Pulaski County district's budget gets OK in School Board vote

Charles McNulty, superintendent of the Pulaski County Special School District, gives the welcome address during the Teacher of the Year banquet at Wyndham Riverfront Little Rock in this May 13, 2021 file photo. (Arkansas Democrat-Gazette/Staci Vandagriff)
Charles McNulty, superintendent of the Pulaski County Special School District, gives the welcome address during the Teacher of the Year banquet at Wyndham Riverfront Little Rock in this May 13, 2021 file photo. (Arkansas Democrat-Gazette/Staci Vandagriff)


The School Board for the Pulaski County Special School District on Monday voted 6-0 for the 2022-23 school year budget -- but not before questioning employee travel expenses from the year just ended.

The board-approved budget is due to the Arkansas Department of Education by the end of this month.

The district anticipates total state and local revenue of $143,227,114 and projected expenditures of $145,040,006, according to data provided by Jacqueline Rowlett, the district's treasurer.

Both revenue and expenditures reflect an increase over the 2021-22 school year, when the district received $142,958,831 in local and state revenue and reported total expenditures of $143,429,915.

The district is carrying $18,030,091 forward from the 2021-22 school year and anticipates end-of-year balances in June 2023 of $16,217,198, according to Rowlett.

Additionally, the district is budgeting $18.7 million in federal grant money for this year, down from $31.8 million in federal revenue and $30 million in federal expenditures in the 2021-22 school year.

School Board members Shelby Thomas, Stephen Delaney and Heather Smith questioned district leaders about travel costs that approached $860,000 in the past school year, and included a trip by seven district employees to a conference at Caesars Palace in Las Vegas.

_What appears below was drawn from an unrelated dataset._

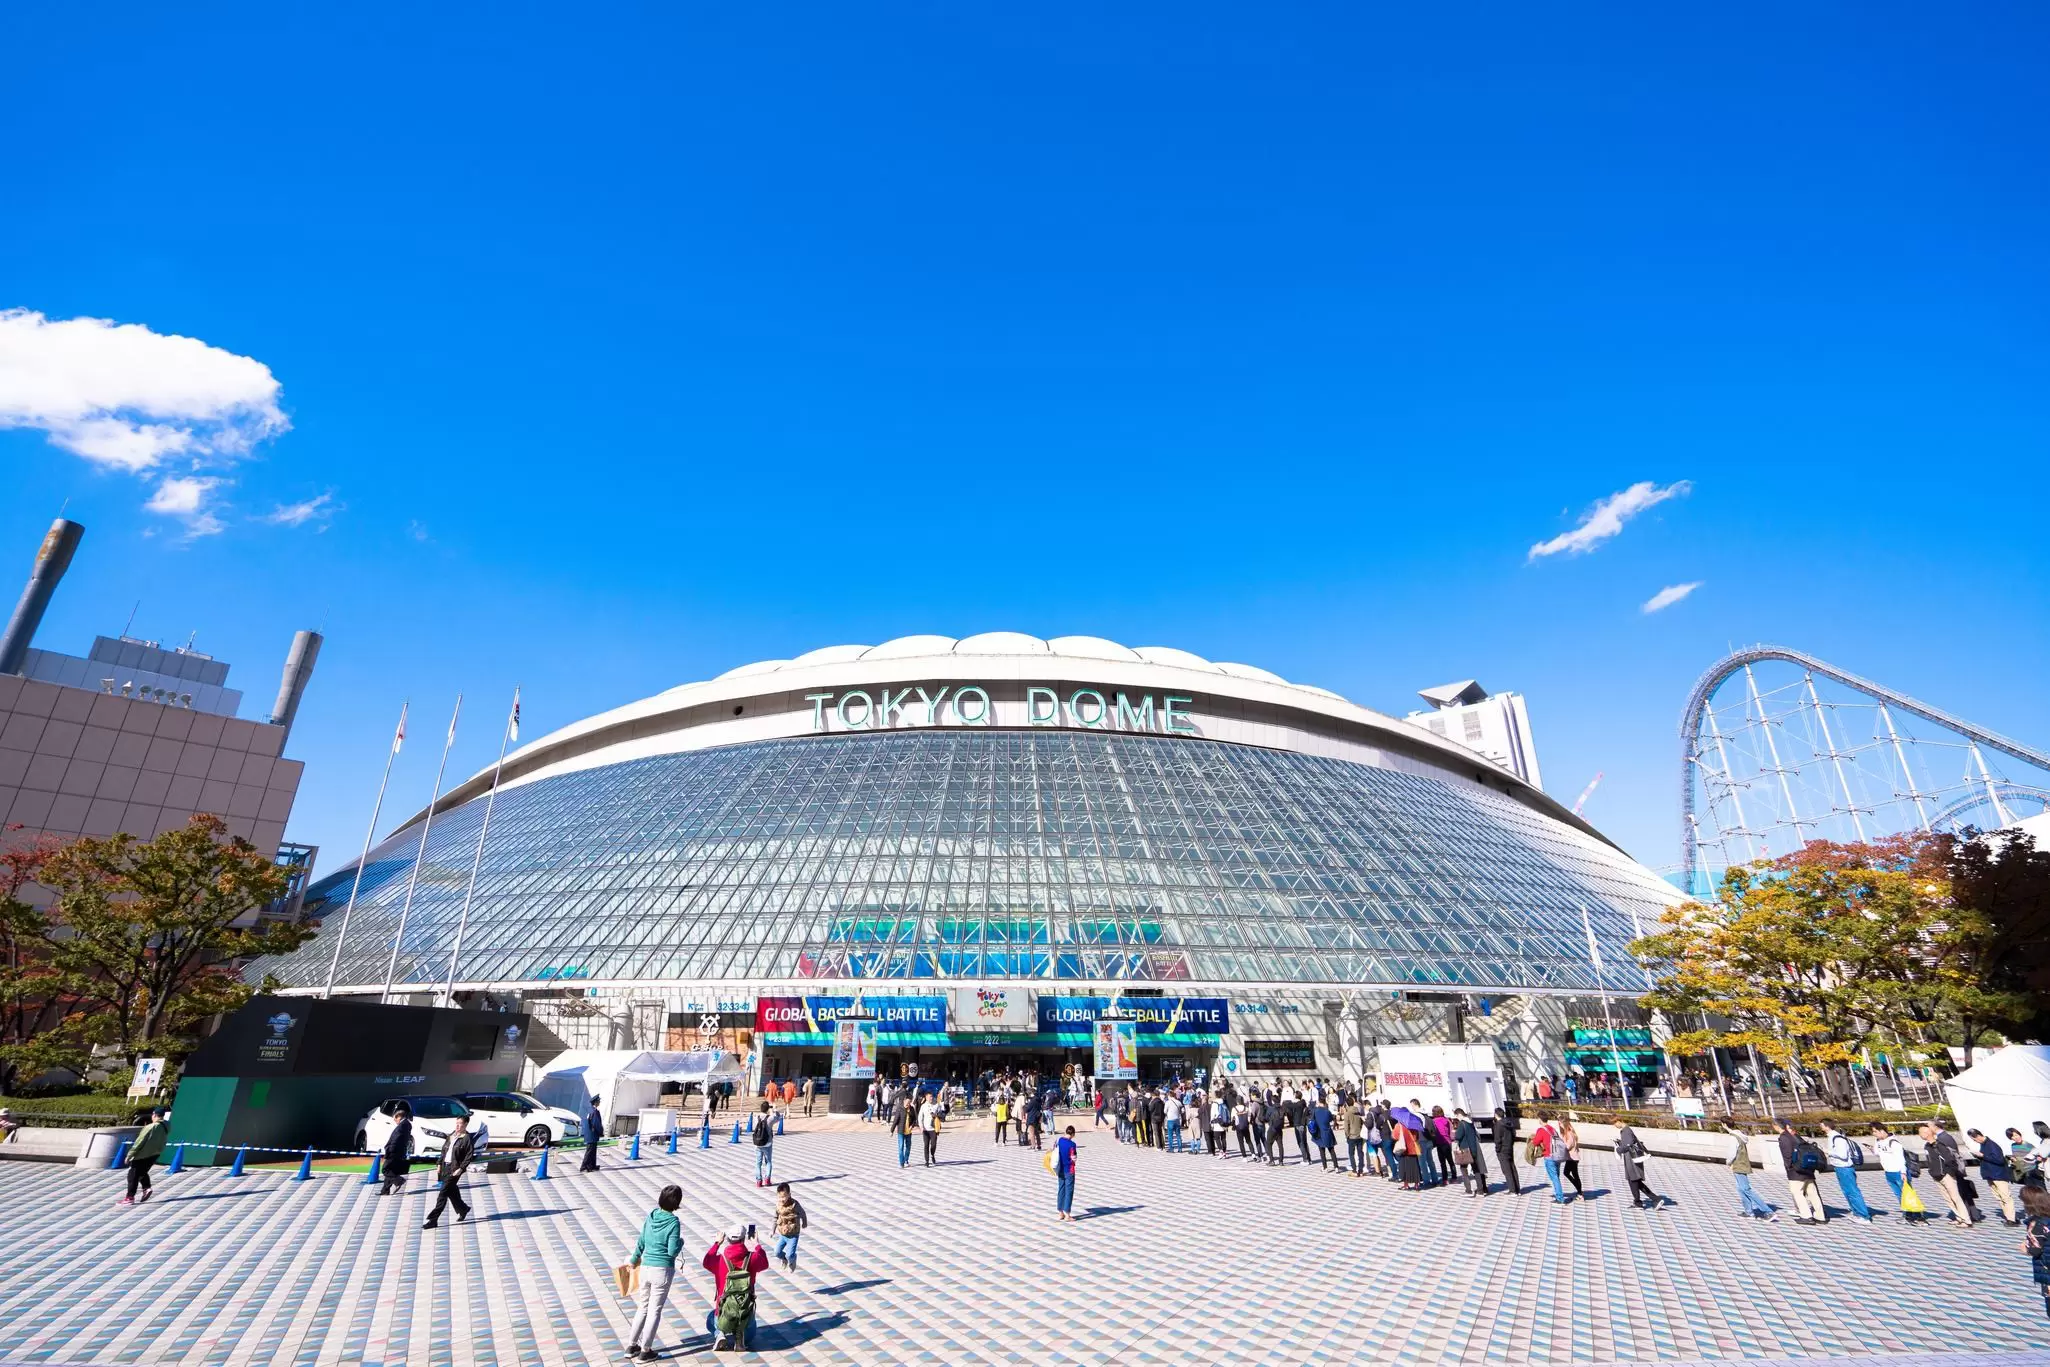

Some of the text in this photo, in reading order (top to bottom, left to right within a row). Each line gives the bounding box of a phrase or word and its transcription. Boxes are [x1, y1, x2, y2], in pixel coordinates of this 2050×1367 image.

Rowlett and Darnell Bell, the district's director of federal programs, said that some categories of state and federal funding are restricted in how they can be spent. Professional training, which can require travel to conferences, is one of the allowable expenses.

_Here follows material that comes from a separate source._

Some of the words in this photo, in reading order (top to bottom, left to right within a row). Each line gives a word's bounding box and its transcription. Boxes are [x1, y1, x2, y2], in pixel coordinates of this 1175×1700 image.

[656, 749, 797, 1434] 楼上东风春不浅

Failure to spend the earmarked money -- which had accumulated in district coffers in the 2020-21 pandemic school year when very little travel occurred -- could have resulted in the district having to return the restricted funding to their federal and state sources, Rowlett and Bell said.

Superintendent Charles McNulty said the funding enabled to district to send staff to conferences that support the district's college and career readiness initiative known as AVID, as well as other services including special education.

He said the district is strategic in the trainings that employees attend -- that the training and travel are specific to the needs of a school. The district doesn't select the sites of the national conferences, he also said, in response to questions about the trip by middle school educators to a Las Vegas conference that he said was approved by Arkansas education leaders.

Board President Lindsey Gustafson said she understood that while the district was motivated to use available funds for travel to avoid having to return the money, she also understood that the conferences and trainings were of value to meet district needs.

Rowlett, in a summary document about the budget, told the School Board that the financial plan is a projection.

"As always, it is important to know that there are many variables that can impact the district's ability to meet its ending balance," she wrote to the board. "Property assessments, collection rates, enrollment, weather, fuel costs, and litigation are just a few of those variables.

"It is also important to know that the district has increased salaries for employees on the average of 3% during the 2020, 2021 2022 school years," Rowlett wrote. "Any future decisions on salary increases and/or non-recurring bonuses could negatively affect the legal fund balance. It is imperative that any salary increases and/or non-recurring bonuses be made without jeopardizing the financial stability of the district."